Generic Pyrimethamine Tablets for Toxoplasmosis Granted FDA Approval

If severe, toxoplasmosis can cause damage to the brain, eyes, or other organs.

The FDA has approved an application for the first generic version of pyrimethamine tablets (Daraprim, Cerovene) when used with a sulfonamide, a group of medicines used to treat bacterial infections. Pyrimethamine is indicated for the treatment of toxoplasmosis, an infection caused by the parasite Toxoplasma gondii.

If severe, toxoplasmosis can cause damage to the brain, eyes, or other organs. A T. gondii infection can occur by eating undercooked, contaminated meat, or shellfish; drinking water contaminated with the parasite; or by accidental swallowing of the T. gondii through contact with cat feces that contain it.

Pregnant women and individuals who have weak immune systems, such as those with HIV or AIDS, those taking certain types of chemotherapy, and those who have recently received an organ transplant are the most likely to obtain severe toxoplasmosis.
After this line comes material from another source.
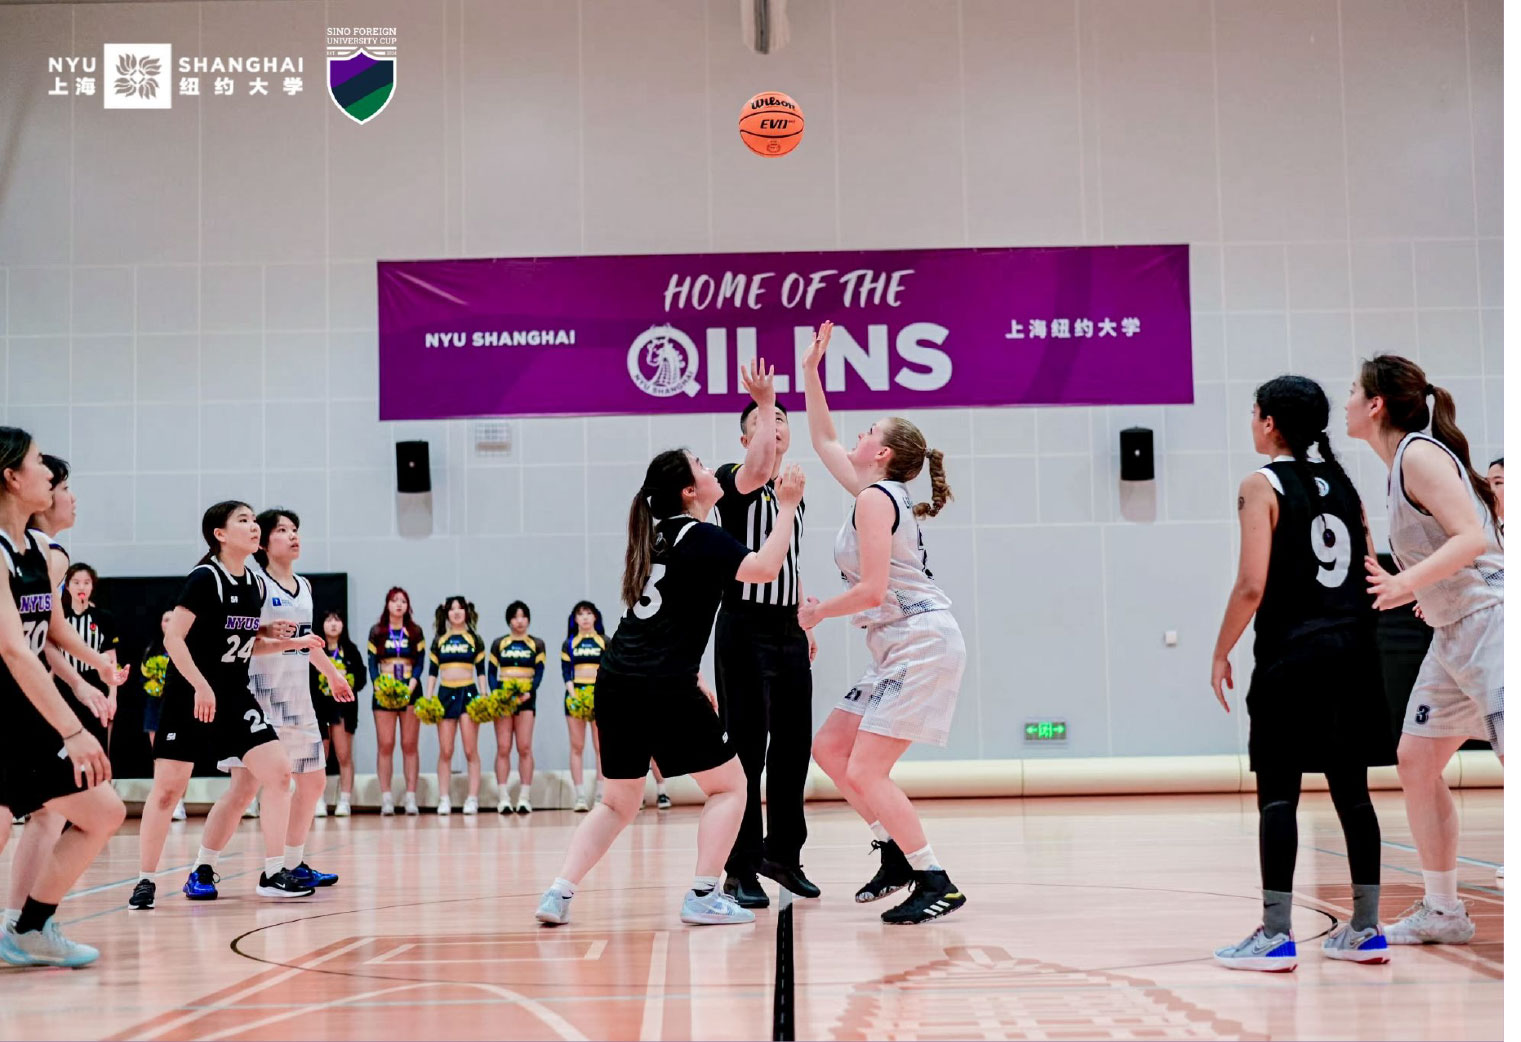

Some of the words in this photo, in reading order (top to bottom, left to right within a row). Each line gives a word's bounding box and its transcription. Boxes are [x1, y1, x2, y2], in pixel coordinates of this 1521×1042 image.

However, a person with a healthy immune system may experience eye damage from toxoplasmosis.

The most common adverse effects for pyrimethamine include hypersensitivity reactions that can be occasionally be severe, toxic epidermal necrolysis, erythema multiforme, anaphylaxis, and hyperphenylalaninemia. In addition, anorexia, and vomiting may occur with doses of pyrimethamine used for the treatment of toxoplasmosis.
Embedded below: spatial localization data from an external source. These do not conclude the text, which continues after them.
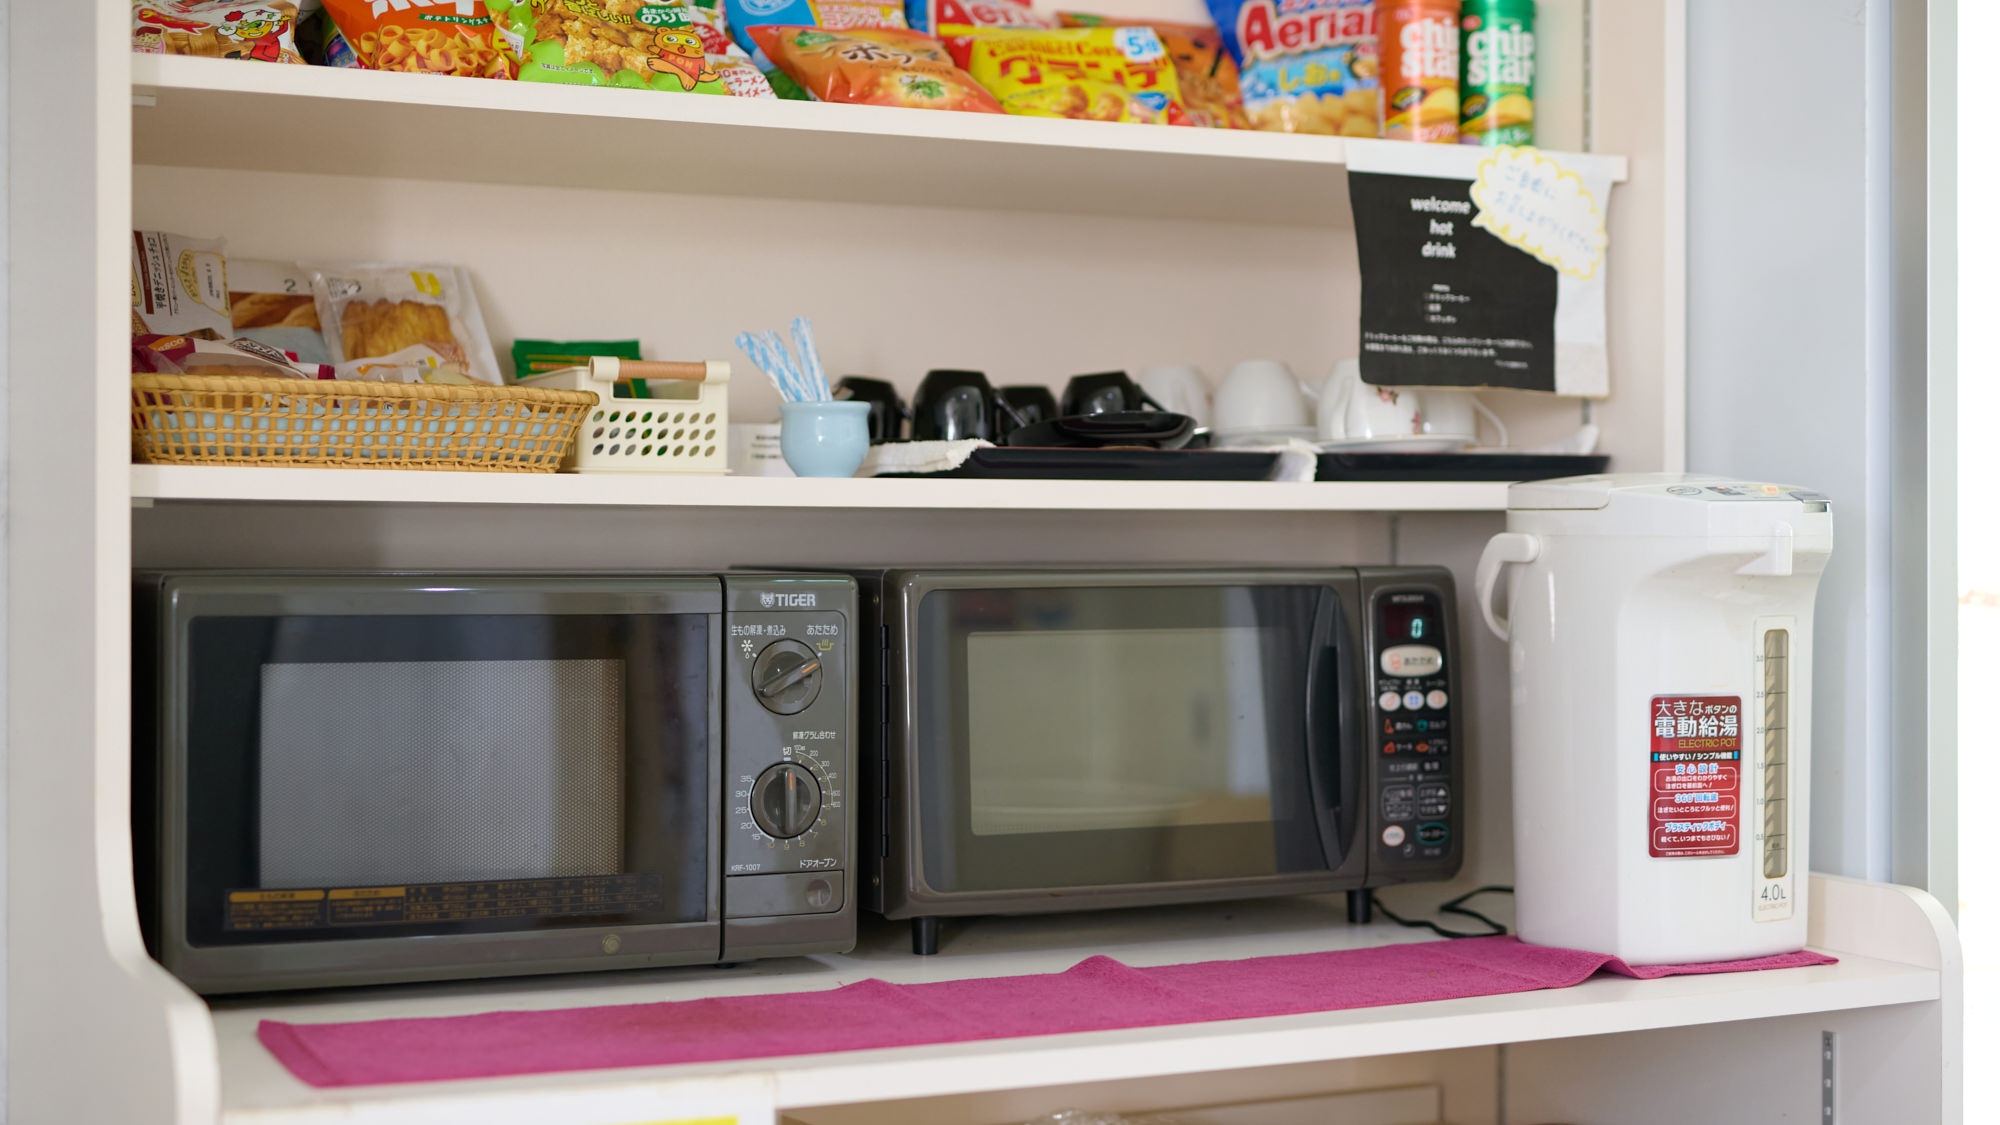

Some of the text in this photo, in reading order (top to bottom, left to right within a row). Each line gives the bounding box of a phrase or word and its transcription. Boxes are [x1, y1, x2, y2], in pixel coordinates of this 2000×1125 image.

[1399, 18, 1459, 51] chi
[1400, 50, 1459, 78] sta
[1410, 196, 1471, 214] welcome
[1429, 218, 1454, 236] hot
[1421, 241, 1456, 258] drink
[775, 593, 816, 607] TIGER
[806, 624, 839, 636] あたため
[1411, 618, 1423, 638] 0
[1655, 699, 1738, 717] 大きなボタンの
[1654, 715, 1739, 738] 電動給湯
[1678, 737, 1737, 749] ELECTRIC POT
[1675, 762, 1719, 775] 安心設計
[735, 806, 747, 814] 25
[1664, 820, 1727, 833] プラスティックボディ
[799, 858, 837, 869] ドアオープン
[1761, 884, 1787, 901] 4.0L
Doses used in toxoplasmosis may produce megaloblastic anemia, leukopenia, thrombocytopenia, pancytopenia, neutropenia, atrophic glossitis, hematuria, and disorders of cardiac rhythm. Moreover, hematologic effects may occur at low doses in certain individuals, according to the FDA.

REFERENCE

FDA approves first generic of daraprim [news release]. Silver Spring, MD; FDA: February 28, 2020. https://www.fda.gov/news-events/press-announcements/fda-approves-first-generic-daraprim?utm_campaign=FDA%20approves%20first%20generic%20of%20Daraprim%20%28pyrimethamine%29%20tablets&utm_medium=email&utm_source=Eloqua. Accessed February 28, 2020.